**ASSIGNED TASK:**
Copy all the lines below without altering anything.

•••

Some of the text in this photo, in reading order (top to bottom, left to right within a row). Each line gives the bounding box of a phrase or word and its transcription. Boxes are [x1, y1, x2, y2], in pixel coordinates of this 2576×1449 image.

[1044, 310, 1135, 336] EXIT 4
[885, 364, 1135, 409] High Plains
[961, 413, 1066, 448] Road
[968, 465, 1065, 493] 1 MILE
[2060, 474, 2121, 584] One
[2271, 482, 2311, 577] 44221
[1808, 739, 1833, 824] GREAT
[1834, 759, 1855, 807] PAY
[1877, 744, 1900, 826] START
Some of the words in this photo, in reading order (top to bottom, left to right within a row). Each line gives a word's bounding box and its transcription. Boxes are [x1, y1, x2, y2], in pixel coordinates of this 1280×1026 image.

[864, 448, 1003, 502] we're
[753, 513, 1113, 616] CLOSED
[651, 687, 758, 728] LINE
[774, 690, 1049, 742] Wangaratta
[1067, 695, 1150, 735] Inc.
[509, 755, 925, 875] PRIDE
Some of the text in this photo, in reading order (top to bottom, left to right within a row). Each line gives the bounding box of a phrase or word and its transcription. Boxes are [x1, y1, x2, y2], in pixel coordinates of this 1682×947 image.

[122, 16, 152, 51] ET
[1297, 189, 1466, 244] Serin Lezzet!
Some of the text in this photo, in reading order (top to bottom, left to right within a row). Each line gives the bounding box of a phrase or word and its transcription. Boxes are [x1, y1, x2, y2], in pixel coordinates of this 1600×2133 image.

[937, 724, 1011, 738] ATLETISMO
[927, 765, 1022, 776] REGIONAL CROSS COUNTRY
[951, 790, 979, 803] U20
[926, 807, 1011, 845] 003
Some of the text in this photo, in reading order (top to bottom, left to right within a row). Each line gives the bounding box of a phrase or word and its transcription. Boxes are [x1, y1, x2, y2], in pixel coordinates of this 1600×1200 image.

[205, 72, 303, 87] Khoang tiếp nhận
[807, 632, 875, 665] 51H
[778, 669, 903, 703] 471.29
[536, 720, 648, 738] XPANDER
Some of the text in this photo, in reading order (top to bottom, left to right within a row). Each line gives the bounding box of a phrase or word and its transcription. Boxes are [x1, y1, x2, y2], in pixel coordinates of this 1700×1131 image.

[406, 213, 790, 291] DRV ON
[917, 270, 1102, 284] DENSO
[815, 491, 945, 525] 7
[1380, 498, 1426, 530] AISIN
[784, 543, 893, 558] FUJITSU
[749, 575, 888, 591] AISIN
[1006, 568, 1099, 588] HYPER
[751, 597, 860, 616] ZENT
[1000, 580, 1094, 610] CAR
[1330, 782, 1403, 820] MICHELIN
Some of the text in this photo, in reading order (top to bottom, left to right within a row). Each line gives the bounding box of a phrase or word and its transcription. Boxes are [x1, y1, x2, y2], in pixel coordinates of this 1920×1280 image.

•••

**THE COMPLETED TASK:**
Some of the text in this photo, in reading order (top to bottom, left to right within a row). Each line gives the bounding box of a phrase or word and its transcription. Boxes are [x1, y1, x2, y2], in pixel coordinates of this 2576×1449 image.

[1044, 310, 1135, 336] EXIT 4
[885, 364, 1135, 409] High Plains
[961, 413, 1066, 448] Road
[968, 465, 1065, 493] 1 MILE
[2060, 474, 2121, 584] One
[2271, 482, 2311, 577] 44221
[1808, 739, 1833, 824] GREAT
[1834, 759, 1855, 807] PAY
[1877, 744, 1900, 826] START
Some of the words in this photo, in reading order (top to bottom, left to right within a row). Each line gives a word's bounding box and its transcription. Boxes are [x1, y1, x2, y2], in pixel coordinates of this 1280×1026 image.

[864, 448, 1003, 502] we're
[753, 513, 1113, 616] CLOSED
[651, 687, 758, 728] LINE
[774, 690, 1049, 742] Wangaratta
[1067, 695, 1150, 735] Inc.
[509, 755, 925, 875] PRIDE
Some of the text in this photo, in reading order (top to bottom, left to right within a row). Each line gives the bounding box of a phrase or word and its transcription. Boxes are [x1, y1, x2, y2], in pixel coordinates of this 1682×947 image.

[122, 16, 152, 51] ET
[1297, 189, 1466, 244] Serin Lezzet!
Some of the text in this photo, in reading order (top to bottom, left to right within a row). Each line gives the bounding box of a phrase or word and its transcription. Boxes are [x1, y1, x2, y2], in pixel coordinates of this 1600×2133 image.

[937, 724, 1011, 738] ATLETISMO
[927, 765, 1022, 776] REGIONAL CROSS COUNTRY
[951, 790, 979, 803] U20
[926, 807, 1011, 845] 003
Some of the text in this photo, in reading order (top to bottom, left to right within a row). Each line gives the bounding box of a phrase or word and its transcription. Boxes are [x1, y1, x2, y2], in pixel coordinates of this 1600×1200 image.

[205, 72, 303, 87] Khoang tiếp nhận
[807, 632, 875, 665] 51H
[778, 669, 903, 703] 471.29
[536, 720, 648, 738] XPANDER
Some of the text in this photo, in reading order (top to bottom, left to right within a row). Each line gives the bounding box of a phrase or word and its transcription. Boxes are [x1, y1, x2, y2], in pixel coordinates of this 1700×1131 image.

[406, 213, 790, 291] DRV ON
[917, 270, 1102, 284] DENSO
[815, 491, 945, 525] 7
[1380, 498, 1426, 530] AISIN
[784, 543, 893, 558] FUJITSU
[749, 575, 888, 591] AISIN
[1006, 568, 1099, 588] HYPER
[751, 597, 860, 616] ZENT
[1000, 580, 1094, 610] CAR
[1330, 782, 1403, 820] MICHELIN
Some of the text in this photo, in reading order (top to bottom, left to right within a row). Each line gives the bounding box of a phrase or word and its transcription. Boxes are [x1, y1, x2, y2], in pixel coordinates of this 1920×1280 image.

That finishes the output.